=== Data shown ===
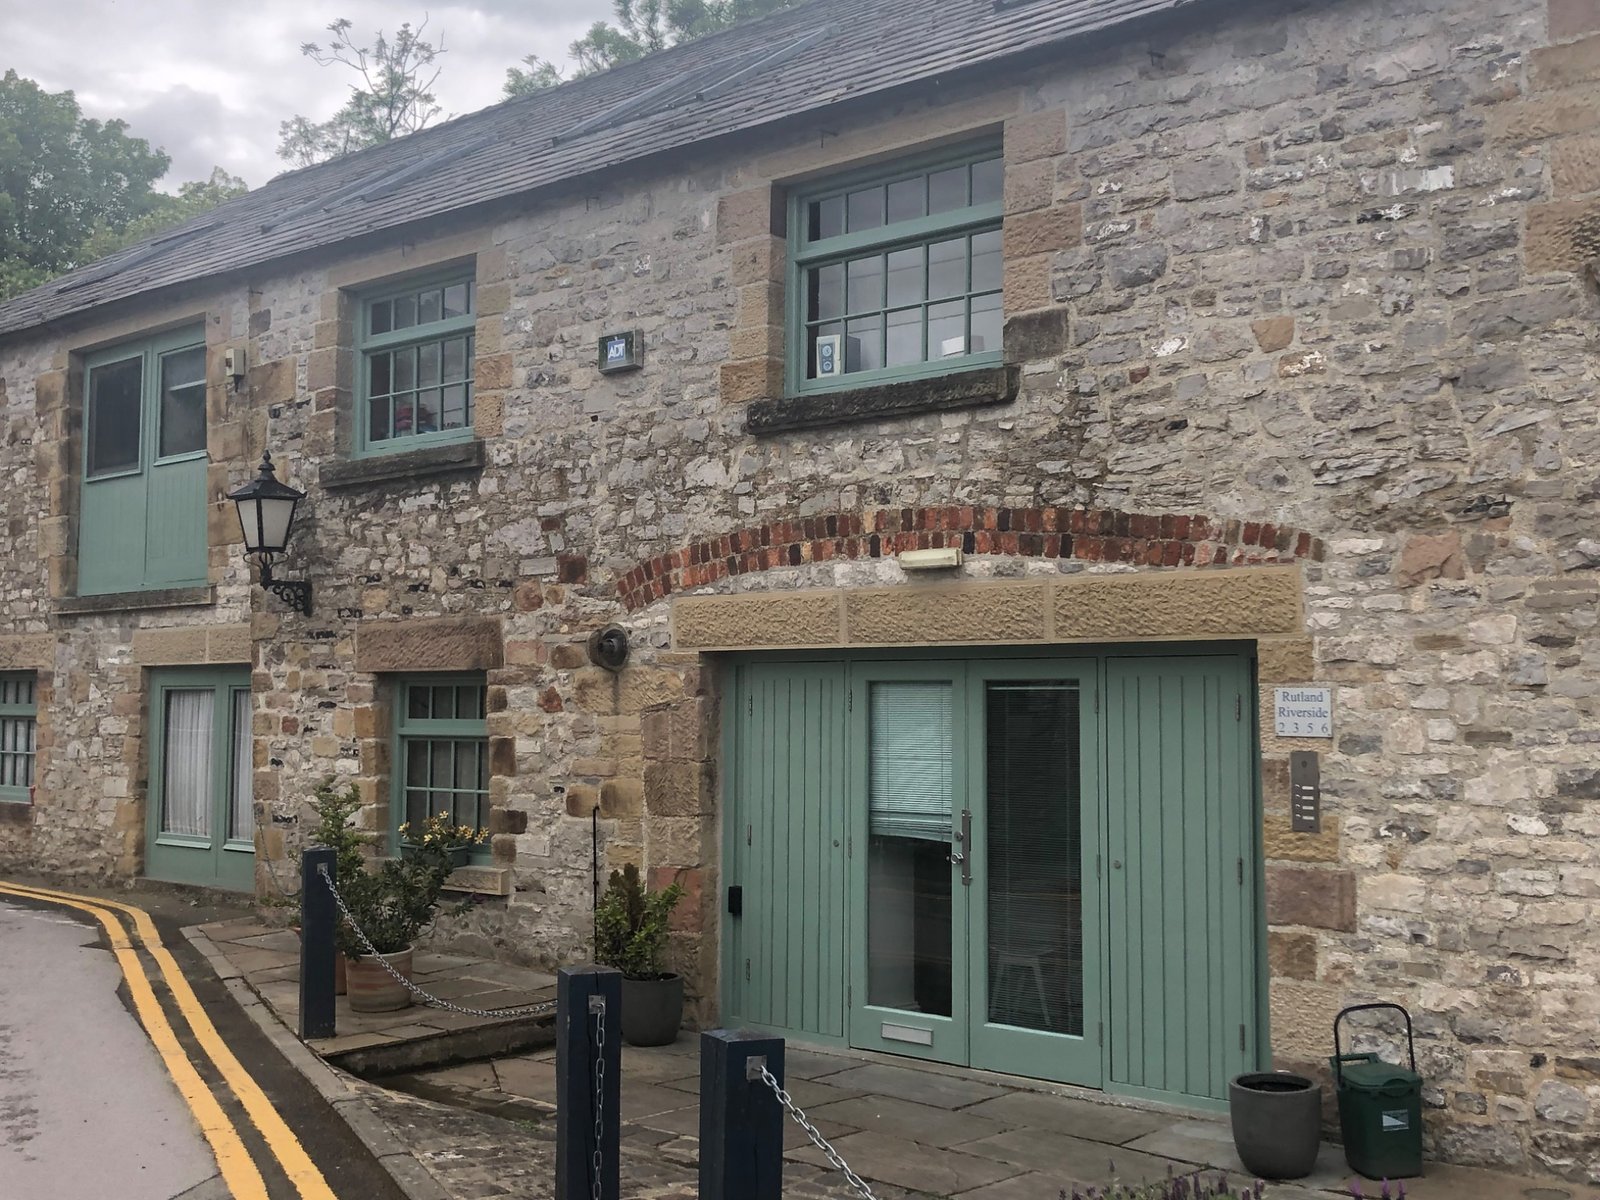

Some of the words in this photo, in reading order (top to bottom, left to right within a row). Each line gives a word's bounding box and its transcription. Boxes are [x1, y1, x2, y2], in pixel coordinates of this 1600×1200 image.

[608, 344, 625, 358] ADT
[1282, 691, 1324, 702] Rutland
[1278, 706, 1329, 718] Riverside
[1278, 722, 1285, 733] 2
[1292, 722, 1299, 733] 3
[1307, 722, 1314, 734] 5
[1321, 722, 1329, 734] 6
===
Task prompt
Reproduce the full listing above verbatim, with no pictures included.

Solution for this exercise
Some of the words in this photo, in reading order (top to bottom, left to right within a row). Each line gives a word's bounding box and its transcription. Boxes are [x1, y1, x2, y2], in pixel coordinates of this 1600×1200 image.

[608, 344, 625, 358] ADT
[1282, 691, 1324, 702] Rutland
[1278, 706, 1329, 718] Riverside
[1278, 722, 1285, 733] 2
[1292, 722, 1299, 733] 3
[1307, 722, 1314, 734] 5
[1321, 722, 1329, 734] 6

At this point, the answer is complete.